Wednesday, January 9, 2013

The Imprint of the Past

     
In my experience, there is a cycle to grief.  Something from the trauma of the loss gets embedded in us - in our heart, our head, our emotions, maybe even our physiology. I don't know exactly how to describe it, but I have noticed over the years that grief has left an imprint on my flesh as well as my spirit. My body remembers that something monumental happened on January 9, 2003, and it dutifully reminds me each year as the cycle of life unfolds.

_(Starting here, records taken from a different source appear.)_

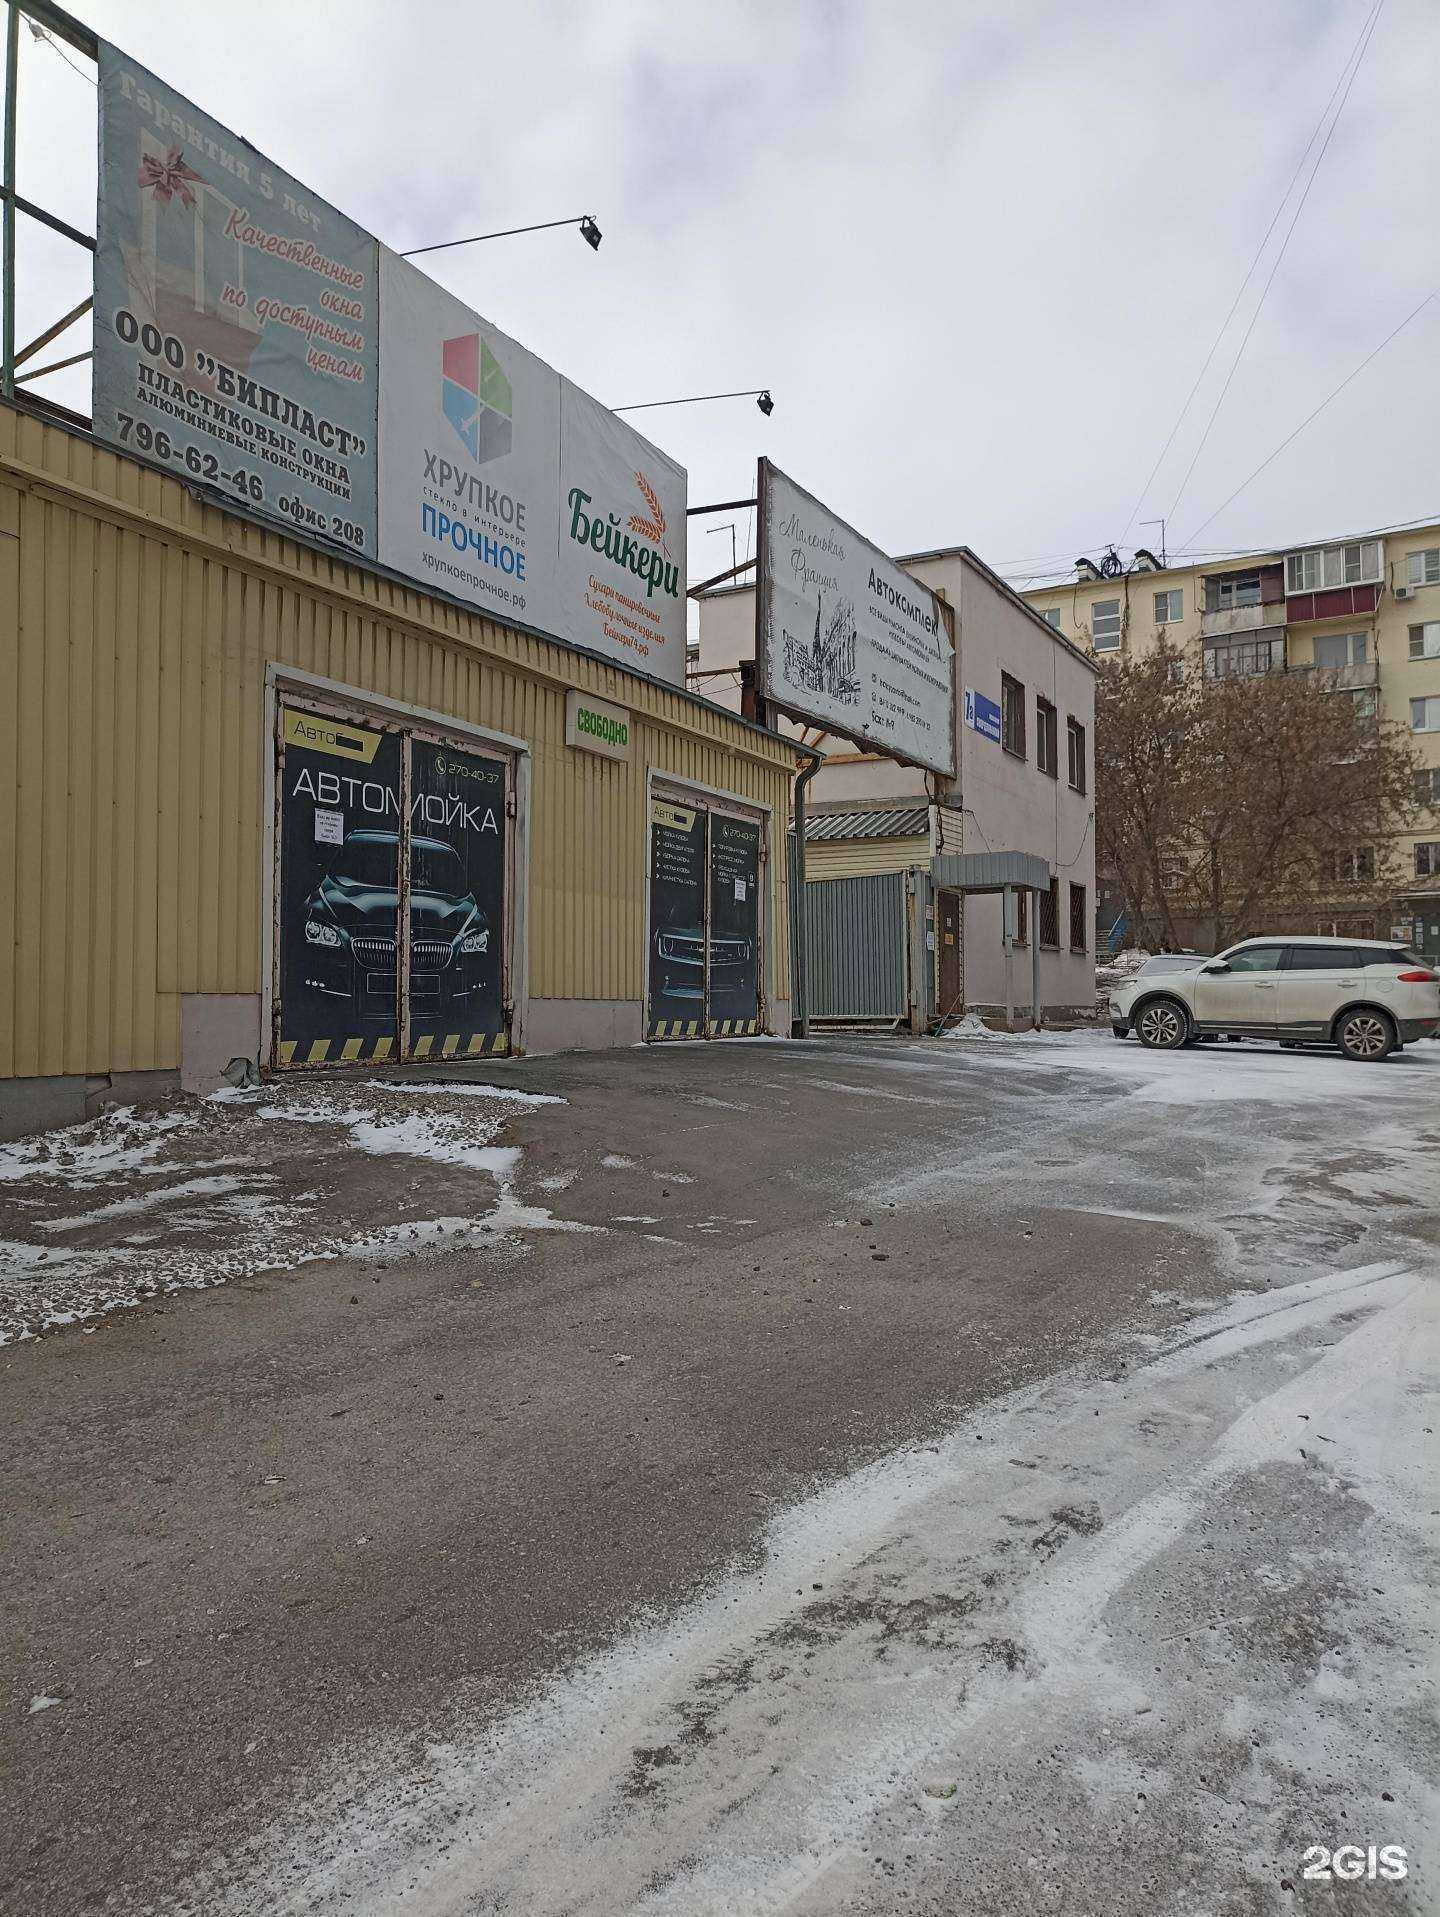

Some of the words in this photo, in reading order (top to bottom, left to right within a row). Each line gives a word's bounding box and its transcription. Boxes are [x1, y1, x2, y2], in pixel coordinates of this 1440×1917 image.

[120, 70, 250, 185] Гарантия
[259, 171, 274, 200] 5
[281, 193, 321, 232] лет
[224, 207, 364, 289] Качественные
[221, 284, 246, 308] по
[256, 299, 363, 351] доступным
[319, 289, 363, 320] окна
[115, 310, 184, 368] ООО
[306, 347, 363, 381] ценам
[137, 386, 256, 455] АЛЮМИНИЕВЫЕ
[260, 448, 351, 501] КОНСТРУКЦИИ
[138, 363, 297, 458] ПЛАСТИКОВЫЕ
[302, 448, 351, 485] ОКНА
[117, 411, 264, 501] 796-62-46
[278, 495, 327, 530] офис
[332, 518, 365, 547] 208
[423, 448, 526, 533] ХРУПКОЕ
[422, 502, 526, 582] ПРОЧНОЕ
[423, 486, 458, 512] стекло
[474, 513, 526, 549] интерьере
[568, 487, 680, 598] Бейкери
[422, 551, 527, 609] хрупкоепрочное.рф
[577, 707, 628, 747] СВОБОДНО
[292, 768, 498, 835] АВТОМОЙКА
[448, 763, 499, 784] 270-40-37

Ten years ago today, my father died. 

     Reality shifted in a way I had never experienced before. Something in the world broke, not just in him but in me.  I have mended for ten years now, and much like broken bones can become stronger after they mend, there are parts of me that have matured in ways that could not have happened without that experience.  But for the past week I've been depressed, exhausted, on the verge of tears, unable to focus, using entertainment to get me through the evening on the way to a restless sleep.
     My body remembers. It commemorates that week in my life every year.  I have thought over the years that the world should have changed more when Dad died. Perhaps it did, and I didn't realize it. 

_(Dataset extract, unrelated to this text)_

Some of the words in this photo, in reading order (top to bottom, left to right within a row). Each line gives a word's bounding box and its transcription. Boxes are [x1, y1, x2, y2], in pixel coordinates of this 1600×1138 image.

    A decade is a long time

     There are times I feel like I should be over it more than I am. Other times, I'm pretty sure that I'm always supposed to have a place deep inside that misses him. Somewhere between despondency and amnesia I have found a healthy place where I miss him gently, poignantly, during the moments when a good father ought to be missed. During weeks like this one, I am reminded that the once broken do not become the never broken. The broken become the repaired. Though they heal, they carry with them the history of their losses.  
      On rainy days, my surgically repaired knees hurt. I'm okay with that. The rainy days remind me that what I had been feeling every day has faded - not completely, but enough to make me grateful that broken is not the same as hopeless.
     On days like today, my heart hurts. I'm okay with that, too. These days reminds me that what I had been feeling every day has faded - not completely, but enough that I can recognize the gift of a father whose passing is worthy of my lingering grief.
   May his memory stay embedded in me, body and soul.